-- What is expected --
With the pictures removed, write out the data below exactly.

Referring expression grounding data
^^^^^^^^^^^^^^^^

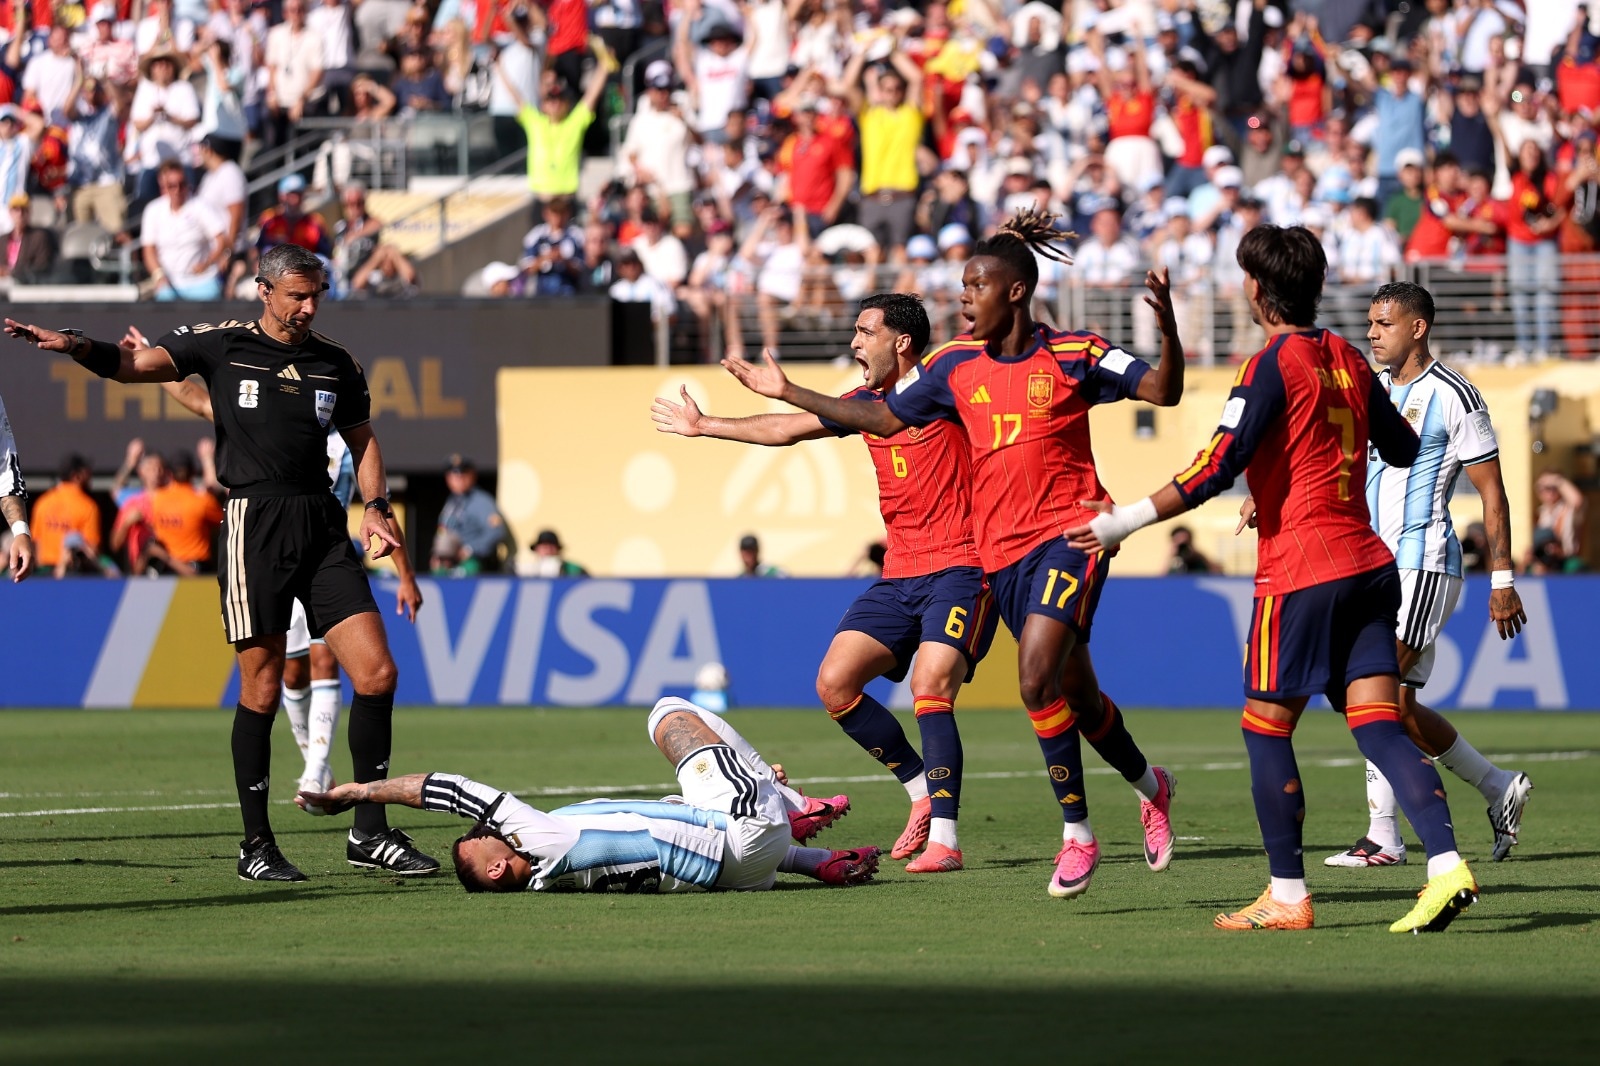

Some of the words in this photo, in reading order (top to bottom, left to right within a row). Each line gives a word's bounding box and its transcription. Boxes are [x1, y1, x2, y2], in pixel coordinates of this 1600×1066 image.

[318, 391, 336, 405] FIFA
[991, 413, 1022, 450] 17
[890, 445, 908, 478] 6
[1327, 406, 1355, 501] 7
[1040, 568, 1079, 610] 17
[944, 606, 968, 640] 6
[377, 578, 723, 706] VISA

^^^^^^^^^^^^^^^^

-- Answer --
Some of the words in this photo, in reading order (top to bottom, left to right within a row). Each line gives a word's bounding box and its transcription. Boxes are [x1, y1, x2, y2], in pixel coordinates of this 1600×1066 image.

[318, 391, 336, 405] FIFA
[991, 413, 1022, 450] 17
[890, 445, 908, 478] 6
[1327, 406, 1355, 501] 7
[1040, 568, 1079, 610] 17
[944, 606, 968, 640] 6
[377, 578, 723, 706] VISA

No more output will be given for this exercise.